Tale solennità affonda le sue origini nel Medioevo, più precisamente nel 1246, quando, nella diocesi di Liegi in Belgio, per la prima volta venne celebrata la reale presenza di Cristo nell’Eucarestia, in risposta alle tesi di Berengario di Tours secondo cui tale presenza sarebbe solo simbolica.

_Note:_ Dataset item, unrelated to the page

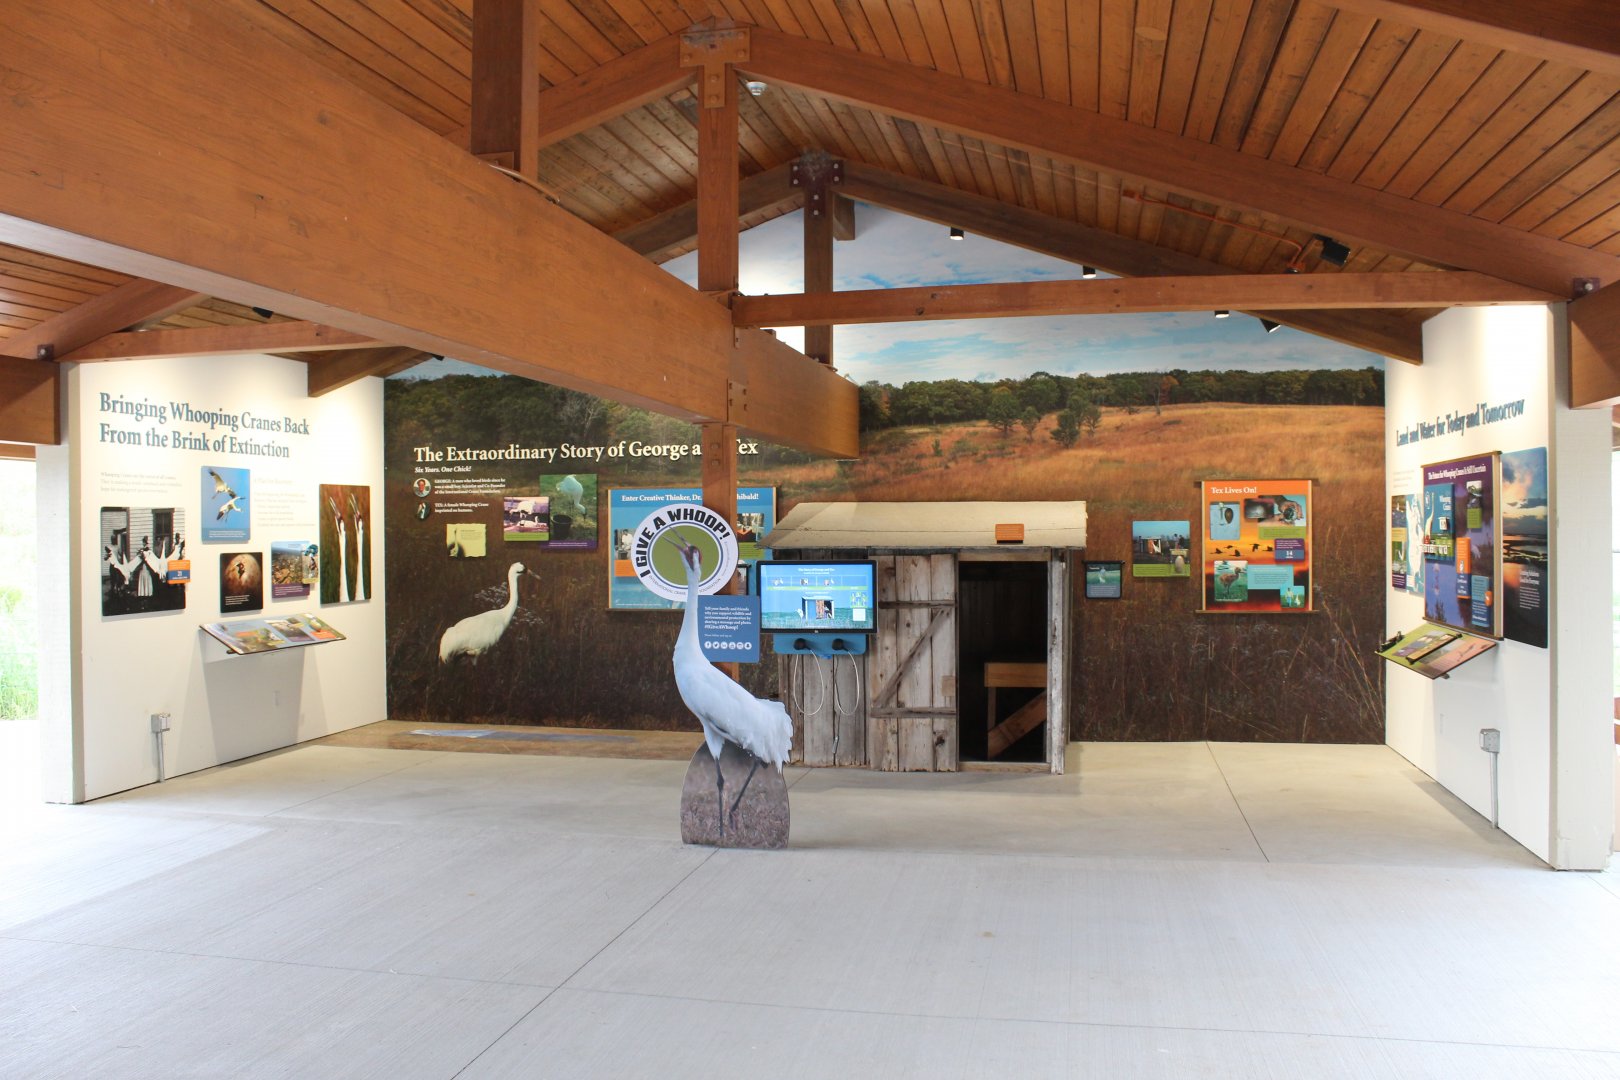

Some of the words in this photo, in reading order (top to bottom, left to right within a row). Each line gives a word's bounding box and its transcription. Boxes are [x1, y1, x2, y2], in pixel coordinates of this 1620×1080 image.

L’introduzione poi di questa festività nel calendario cristiano la si deve ad una donna, suor Giuliana di Cornillon, monaca agostiniana vissuta nella prima metà del tredicesimo secolo, che si fece portatrice di un messaggio rivelatole dal Signore in una visione, in cui le venne chiesto di prodigarsi per far sì che il vuoto dovuto alla mancanza di tale festività nel calendario liturgico venisse colmato.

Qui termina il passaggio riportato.